The Knuckleheads of the Day award
Goes to Edward and Bettina Larsen of Cape Coral Florida. They are parents to three children ages 4, 14, and 17. This was the family the Coast Guard had to rescue after their boat got shipwrecked off the South Florida coast.
What parents take their children to sea when a hurricane is approaching. Do these people have any common sense? They endangered not only their lives but their children's. Plus forced the Coast Guard and authorities to have to search for them. This father and mother apparently have zero common sense and therefore Edward and Bettina Larsen are today's Knucklehead award winners.
By Christine Stapleton
Palm Beach Post Staff Writer
The U.S. Coast Guard plucked a Cape Coral family from a mangrove island off Everglades City about 2:30 p.m. Friday, a day after the family tried to cross Florida Bay and failed to return home.

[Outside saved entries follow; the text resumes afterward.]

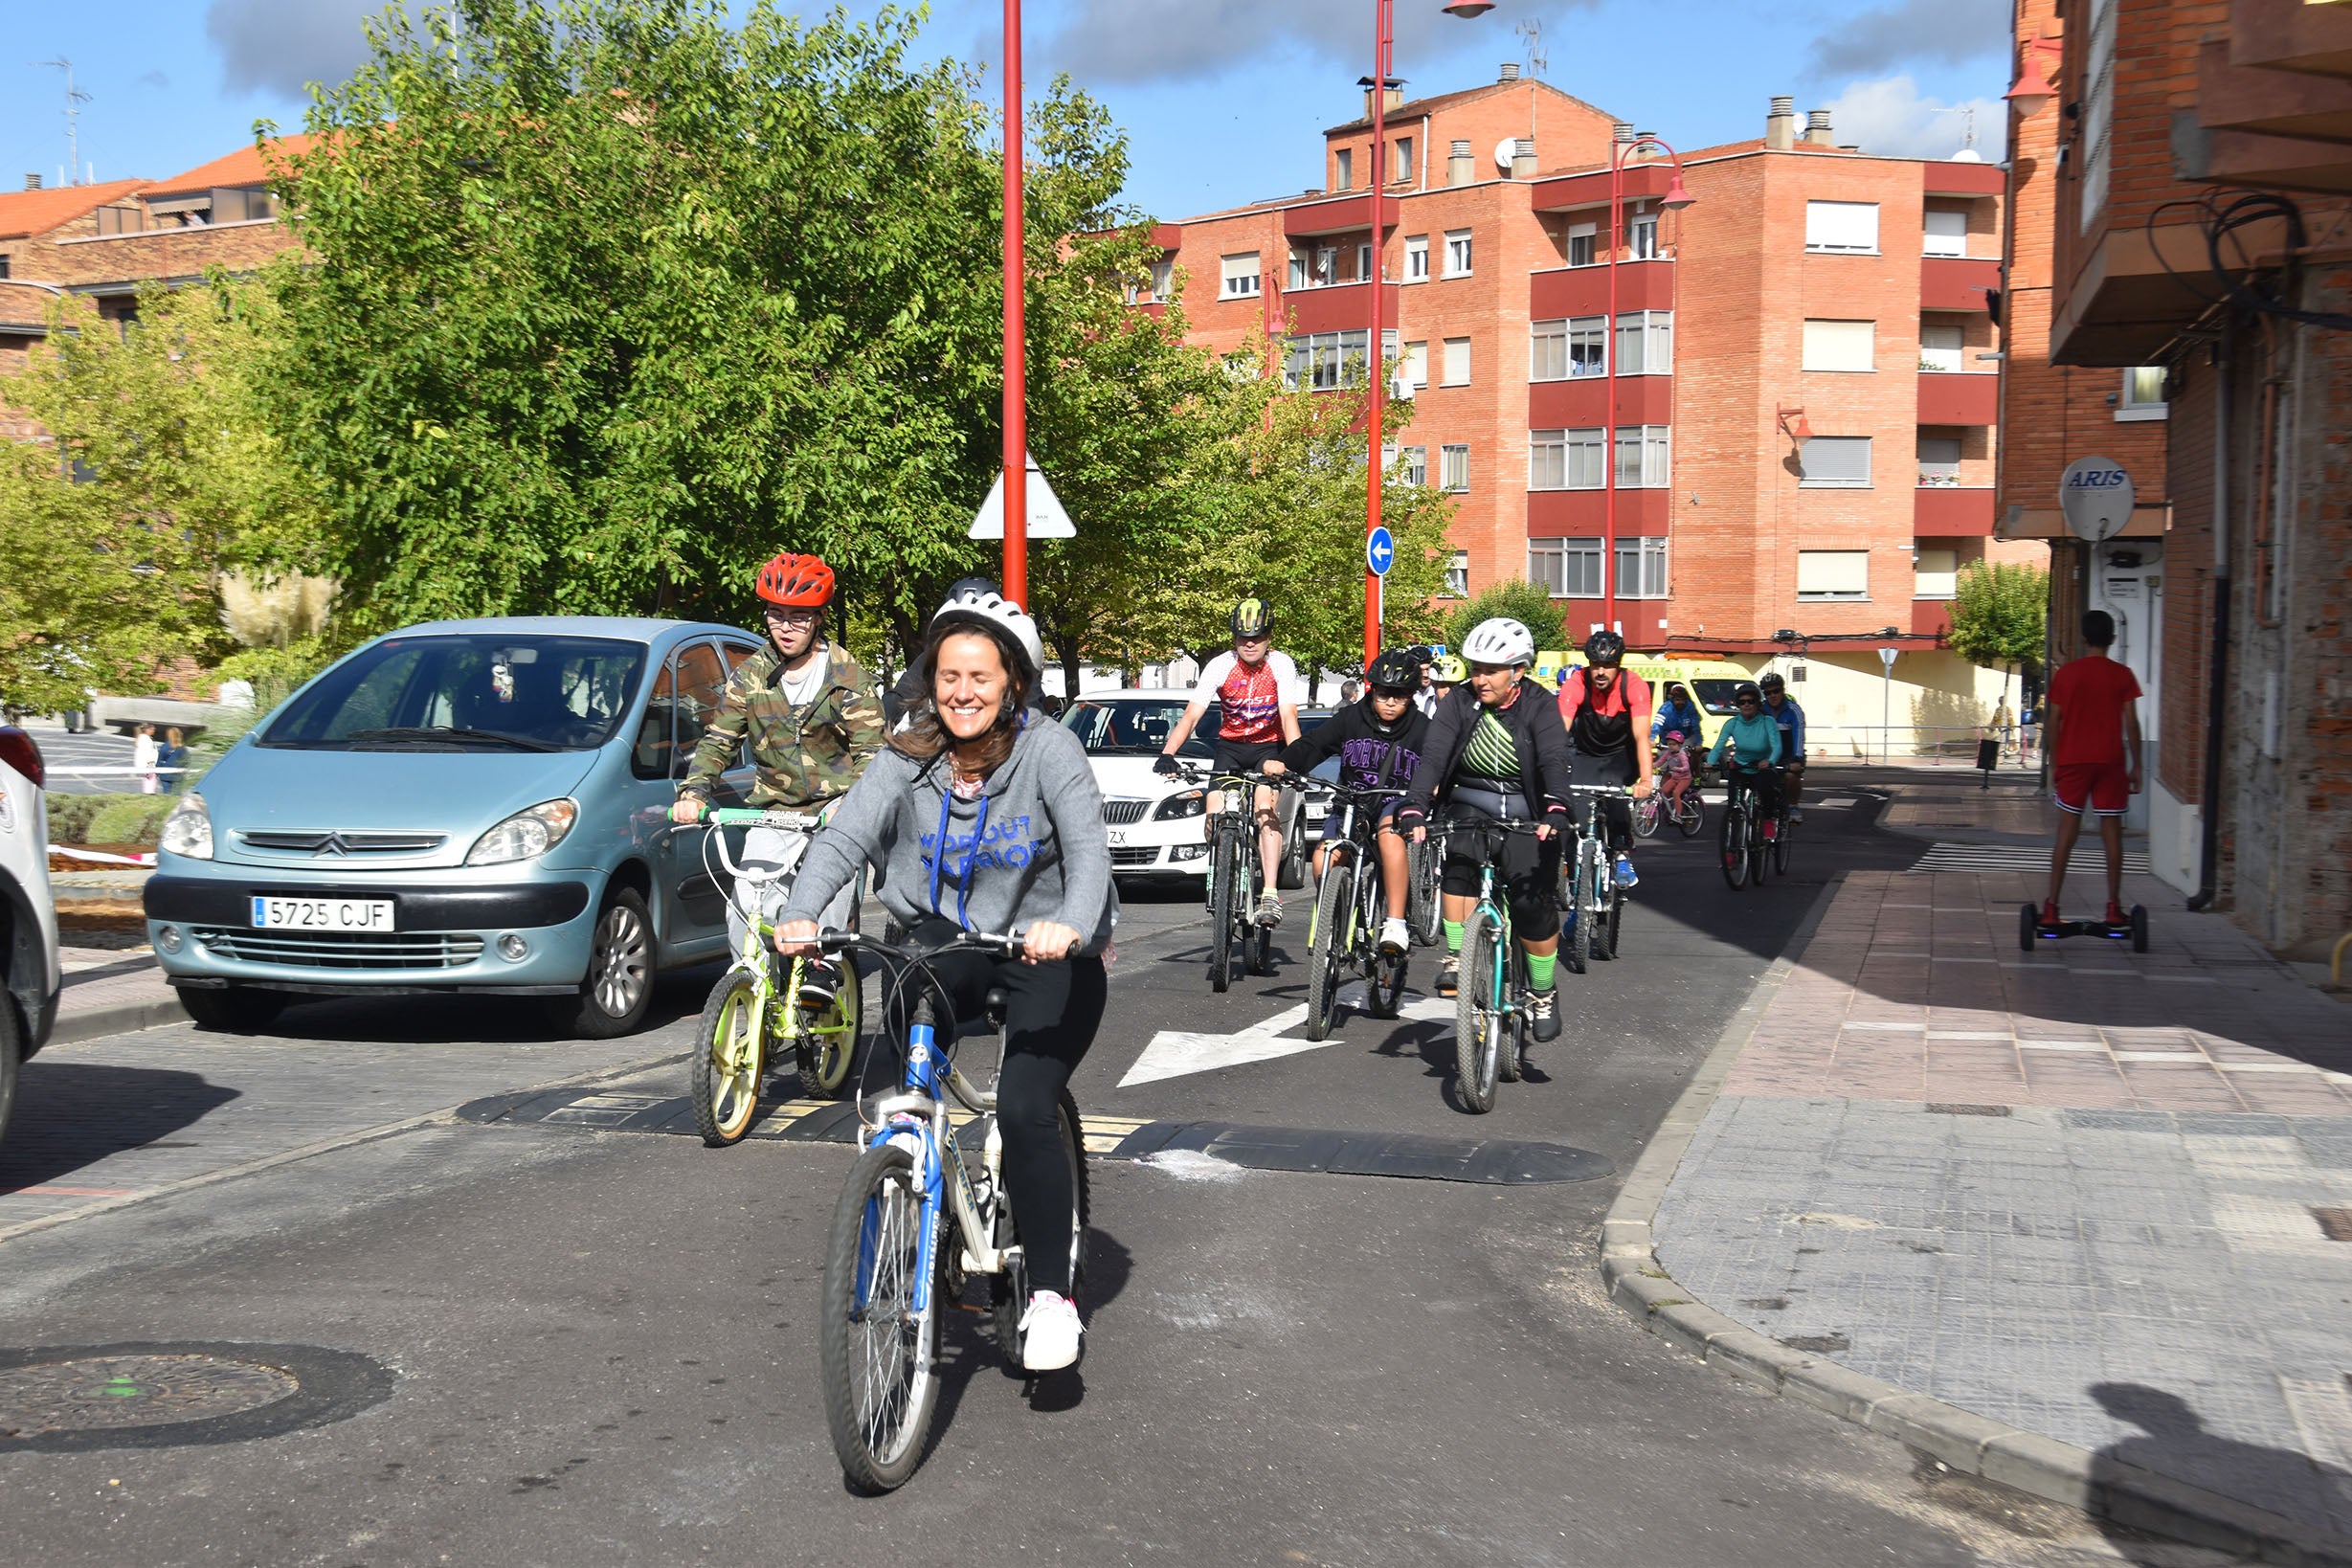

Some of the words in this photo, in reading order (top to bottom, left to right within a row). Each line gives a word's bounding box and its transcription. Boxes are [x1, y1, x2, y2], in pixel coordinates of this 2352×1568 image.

[2068, 469, 2127, 487] ARIS
[1342, 738, 1391, 769] PORTS
[918, 815, 1030, 854] WOROUT
[920, 839, 1046, 879] ARRIOR
[271, 902, 329, 926] 5725
[341, 904, 385, 927] CJF

Edward and Bettina Larsen and their three children, ages 4, 14 and 17, were in good condition and did not need medical attention after being hoisted, one by one, aboard a Coast Guard HH-60 helicopter, according to a Coast Guard statement. The family's 24-foot Glasstron, single-engine power boat was beached on the island beside the family. The Coast Guard was interviewing the family to determine how they became stranded.
The search for the Larsens began Thursday night after a family friend reported they had not returned home from a trip to Banana Bay resort in Marathon. The family left the resort early Thursday morning and had not been heard from.
"They were concerned about the weather, but they thought they could outrun it," said Dave Boblitt, dockmaster at Banana Bay in Marathon. "They went back and forth about whether to leave Wednesday night or Thursday morning."
The family traveled to Marathon from their home in Cape Coral earlier in the week, the first time they had ever crossed Florida Bay in the boat, said Larsen's mother, Edwina Larsen of Punta Gorda.
"It was just going to be a two-day trip to the Keys, but they were having so much fun snorkeling that they decided to stay another day," she said. "I guess that storm just went down and followed him. Where he went I don't know."
Edwina Larsen said her son had grown up around boats in New York and "knows that Atlantic Ocean." Edward Larsen recently had equipped the boat, named Sea Note, with extra safety equipment before the family trip to the Keys, she said.